_Assignment_.
Your answer must be the line holding "this 1600×992 image." followed by every later line through the end of the entries, exactly as written.
☆ ☆ ☆ ☆ ☆ ☆ ☆
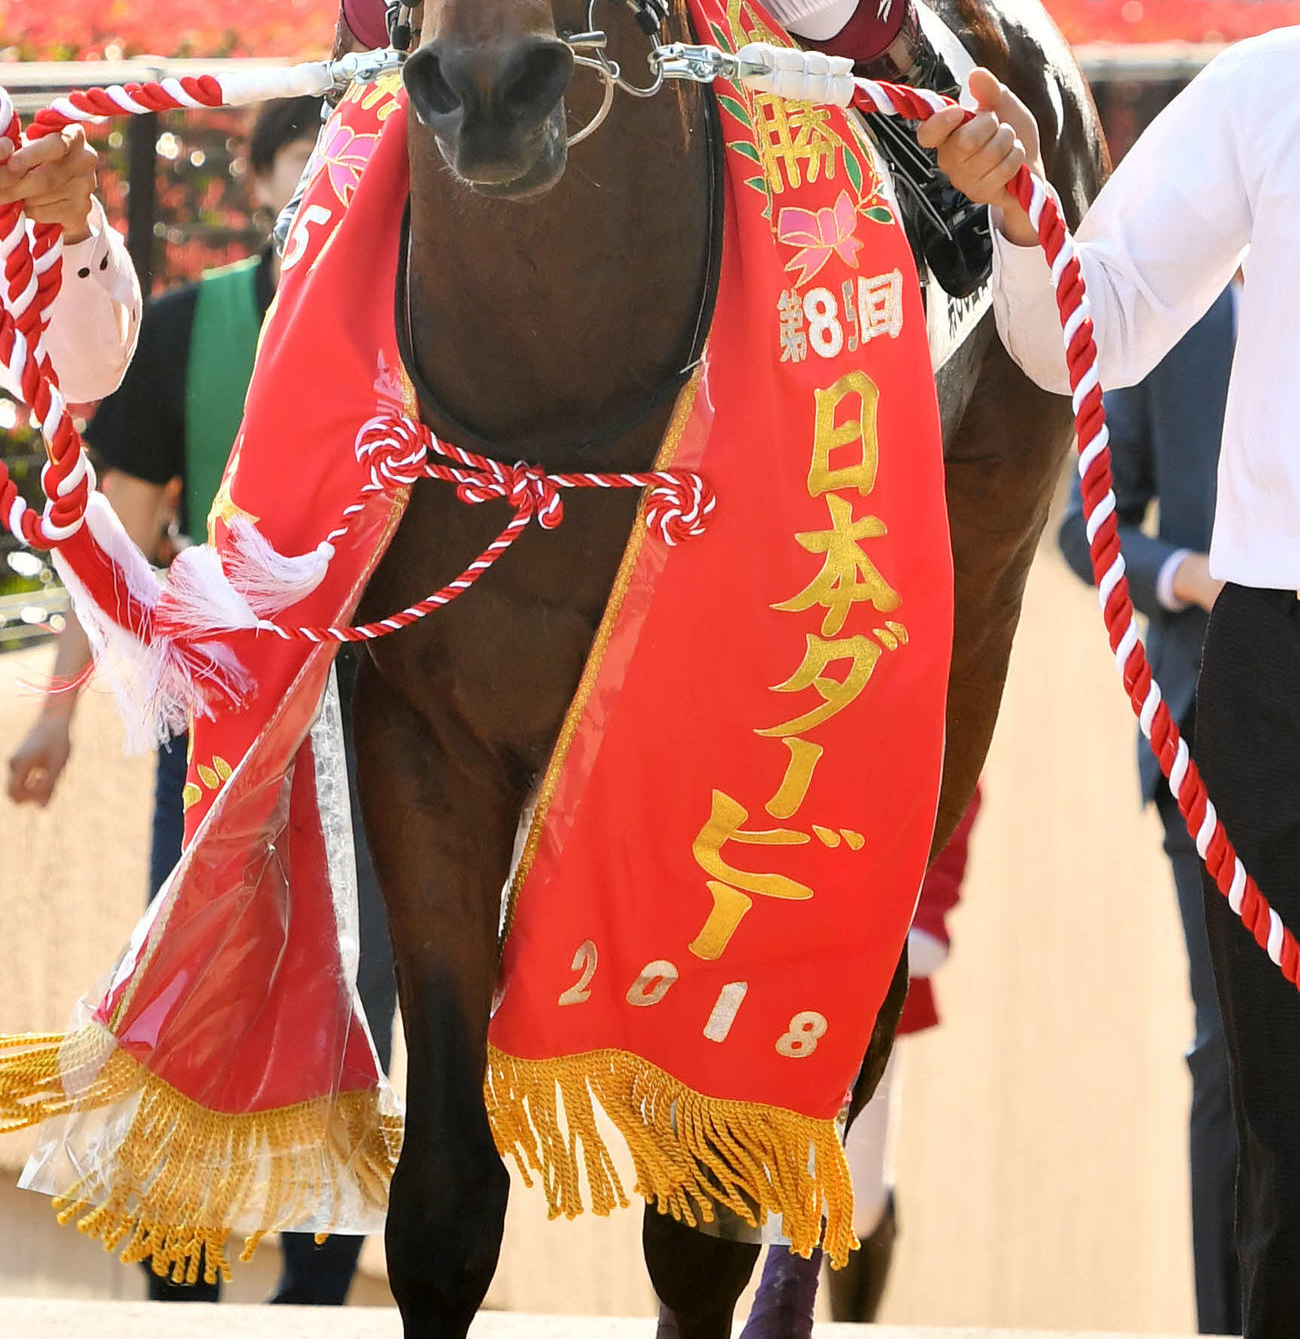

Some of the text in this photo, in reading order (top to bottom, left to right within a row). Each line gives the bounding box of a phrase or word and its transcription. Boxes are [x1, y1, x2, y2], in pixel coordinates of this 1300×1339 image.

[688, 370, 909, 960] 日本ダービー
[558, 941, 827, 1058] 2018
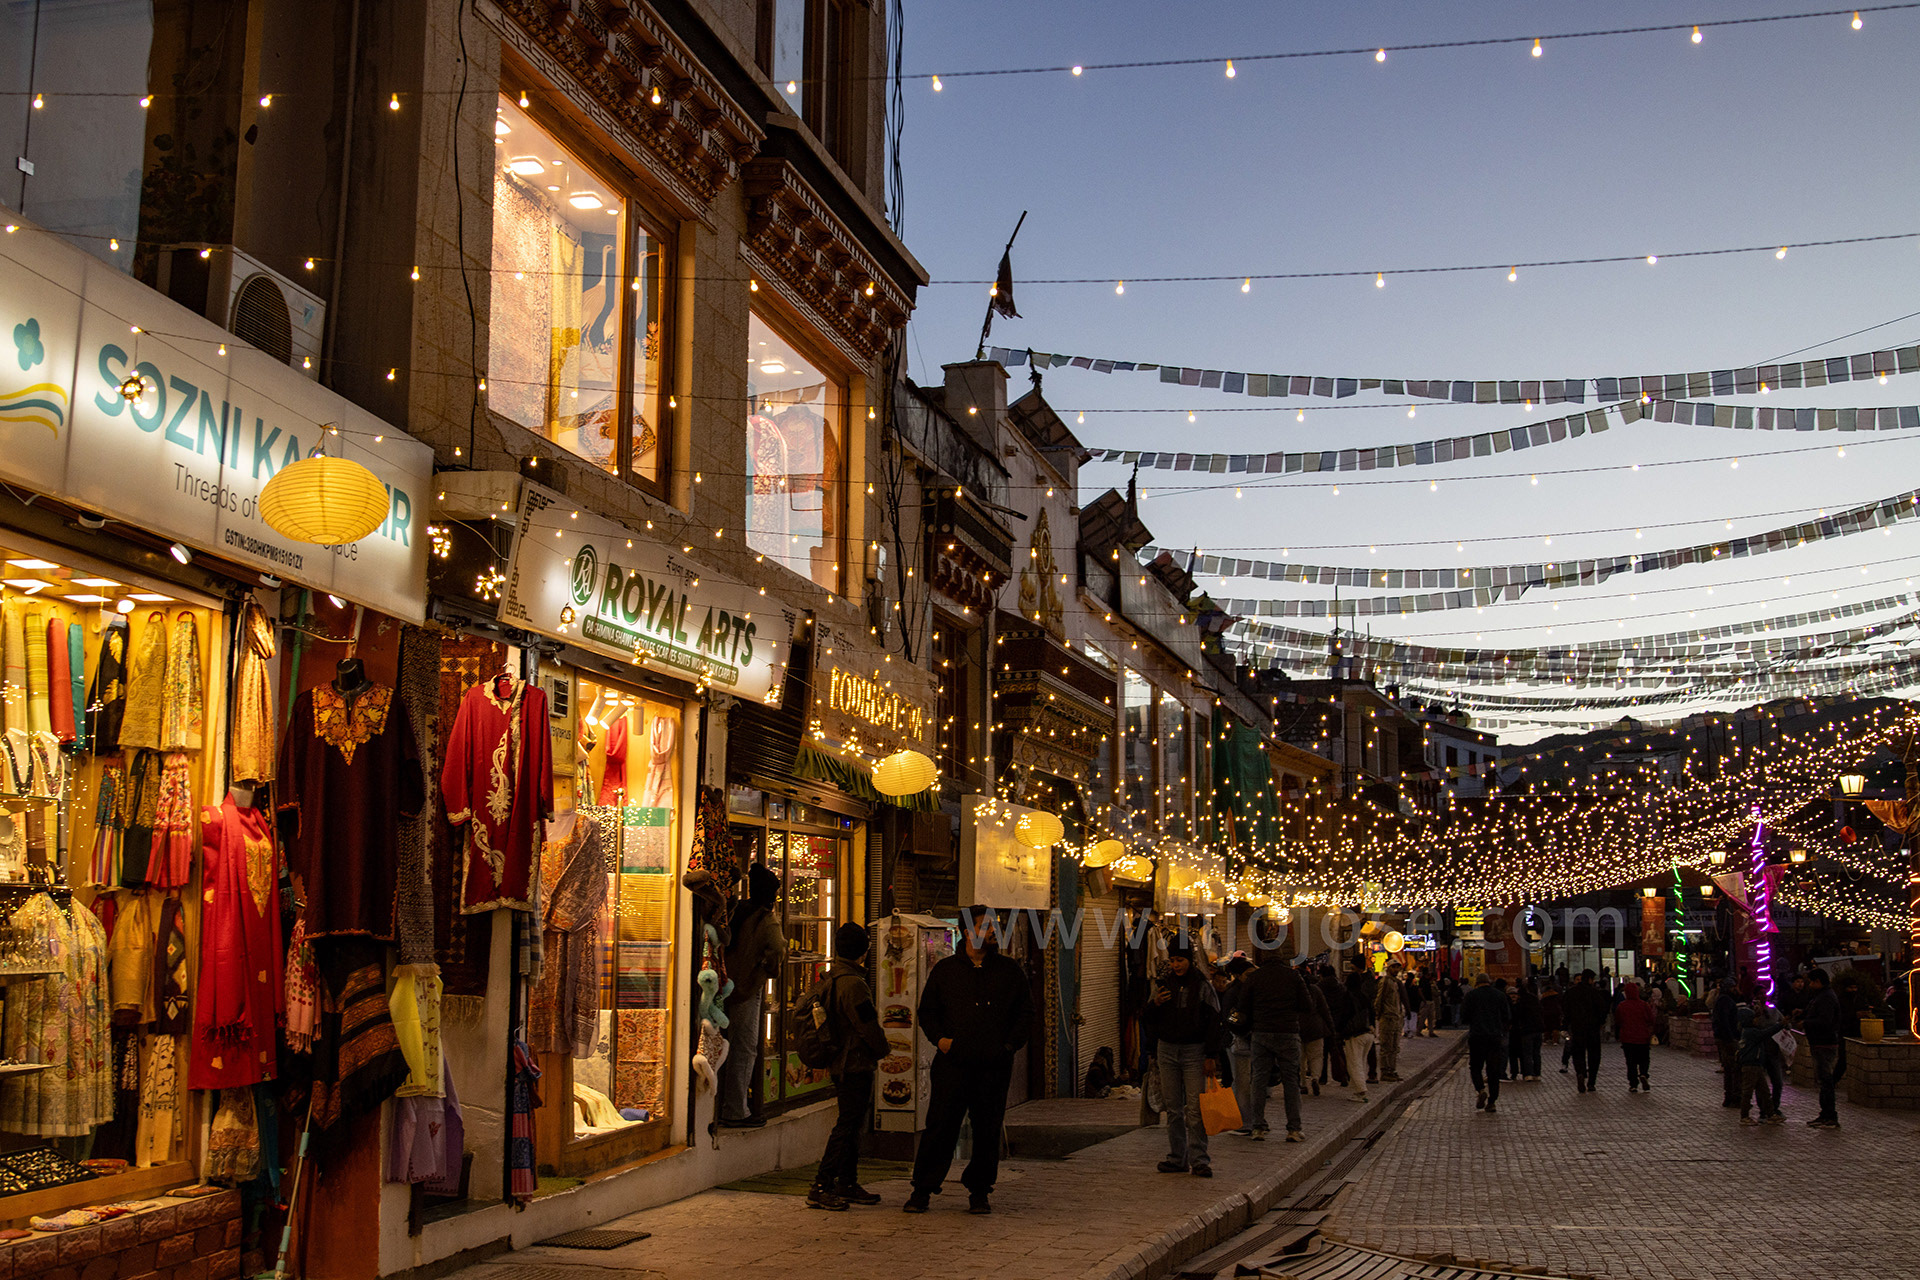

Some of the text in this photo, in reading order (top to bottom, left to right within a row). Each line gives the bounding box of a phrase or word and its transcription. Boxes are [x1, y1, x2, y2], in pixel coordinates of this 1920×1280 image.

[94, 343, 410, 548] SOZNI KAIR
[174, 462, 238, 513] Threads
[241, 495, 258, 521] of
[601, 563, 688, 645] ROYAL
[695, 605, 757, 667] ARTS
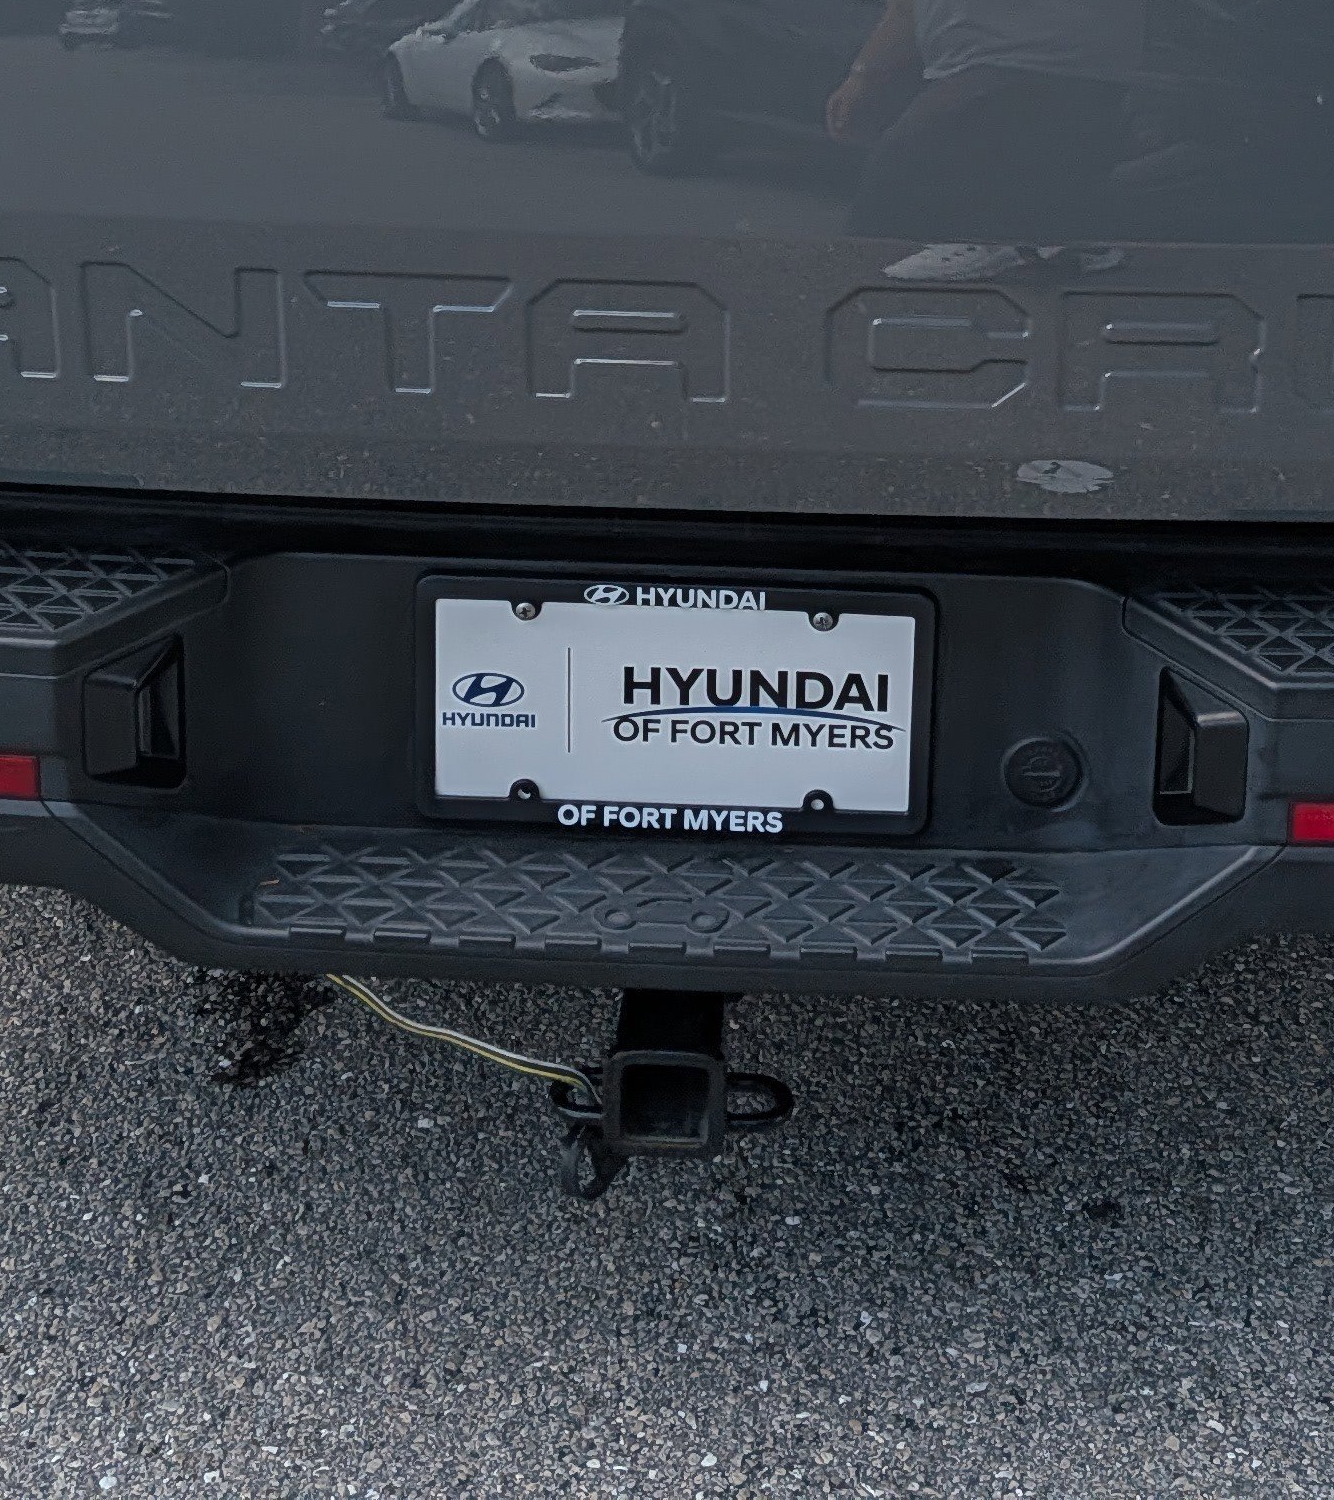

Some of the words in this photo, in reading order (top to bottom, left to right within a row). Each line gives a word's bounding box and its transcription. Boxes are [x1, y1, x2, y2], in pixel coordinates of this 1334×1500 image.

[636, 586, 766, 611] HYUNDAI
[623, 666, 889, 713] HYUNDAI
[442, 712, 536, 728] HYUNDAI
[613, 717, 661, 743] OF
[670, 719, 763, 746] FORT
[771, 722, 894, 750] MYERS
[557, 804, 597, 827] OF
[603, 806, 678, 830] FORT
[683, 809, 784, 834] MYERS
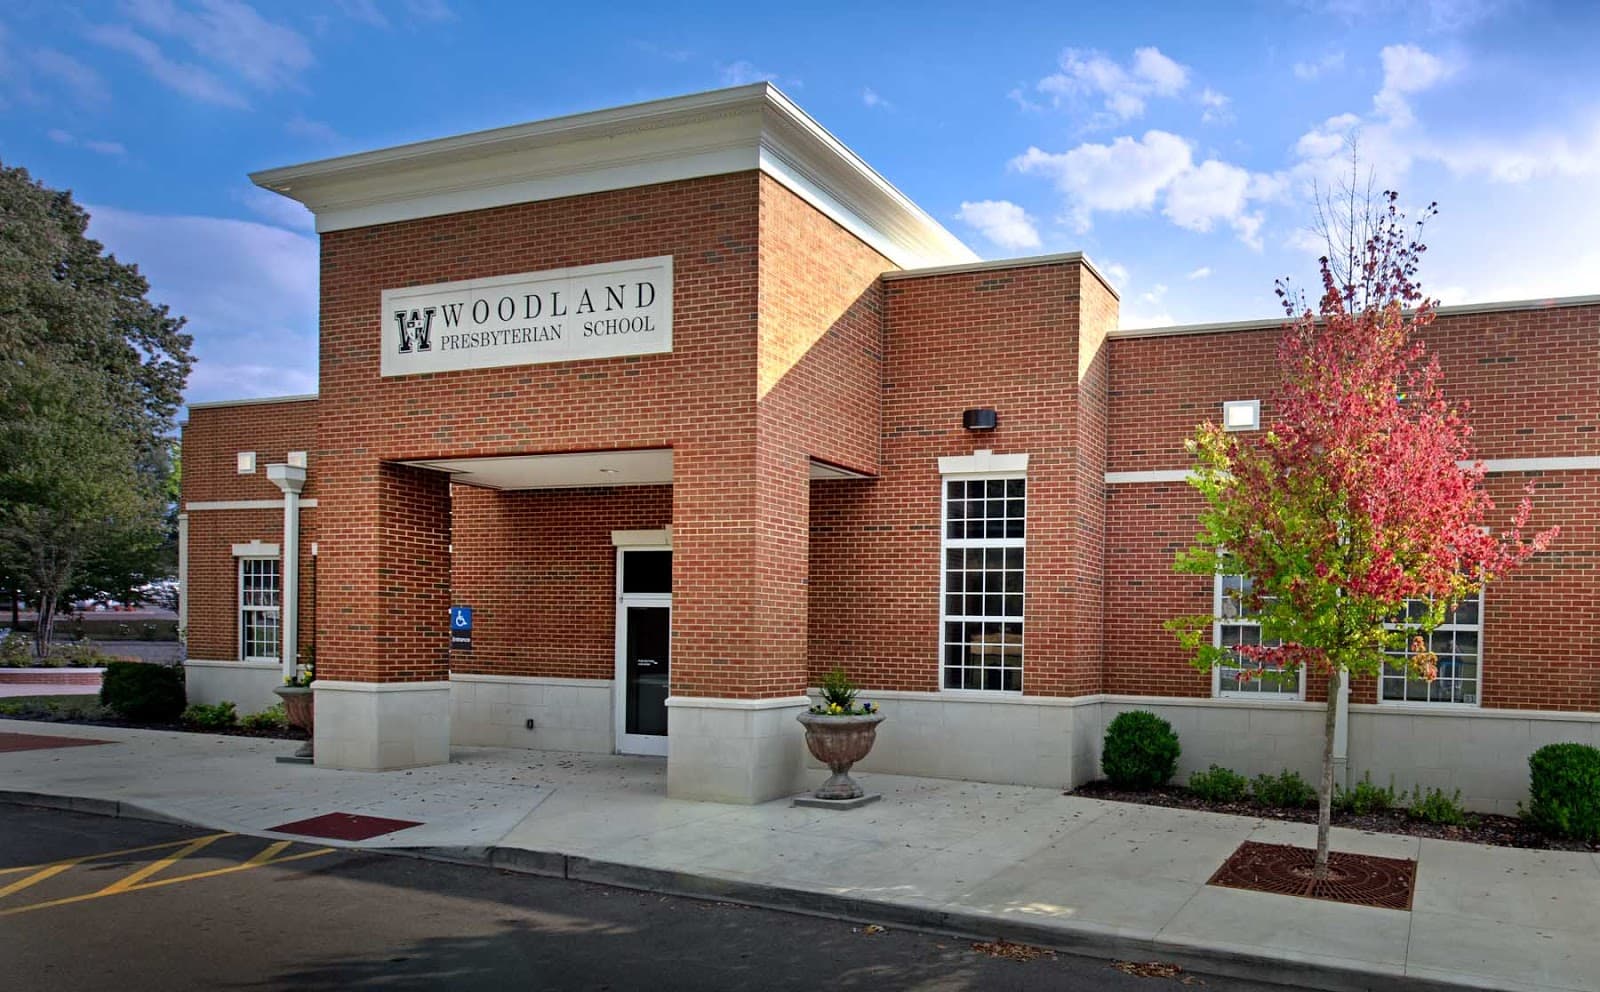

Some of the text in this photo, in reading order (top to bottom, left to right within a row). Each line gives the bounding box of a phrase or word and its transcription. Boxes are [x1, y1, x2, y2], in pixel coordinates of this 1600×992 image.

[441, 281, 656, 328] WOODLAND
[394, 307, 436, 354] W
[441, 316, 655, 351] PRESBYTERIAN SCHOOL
☆ ☆ ☆ ☆ ☆ ☆ ☆
_Written solution_.
Some of the text in this photo, in reading order (top to bottom, left to right within a row). Each line gives the bounding box of a phrase or word and its transcription. Boxes are [x1, y1, x2, y2], in pixel coordinates of this 1600×992 image.

[441, 281, 656, 328] WOODLAND
[394, 307, 436, 354] W
[441, 316, 655, 351] PRESBYTERIAN SCHOOL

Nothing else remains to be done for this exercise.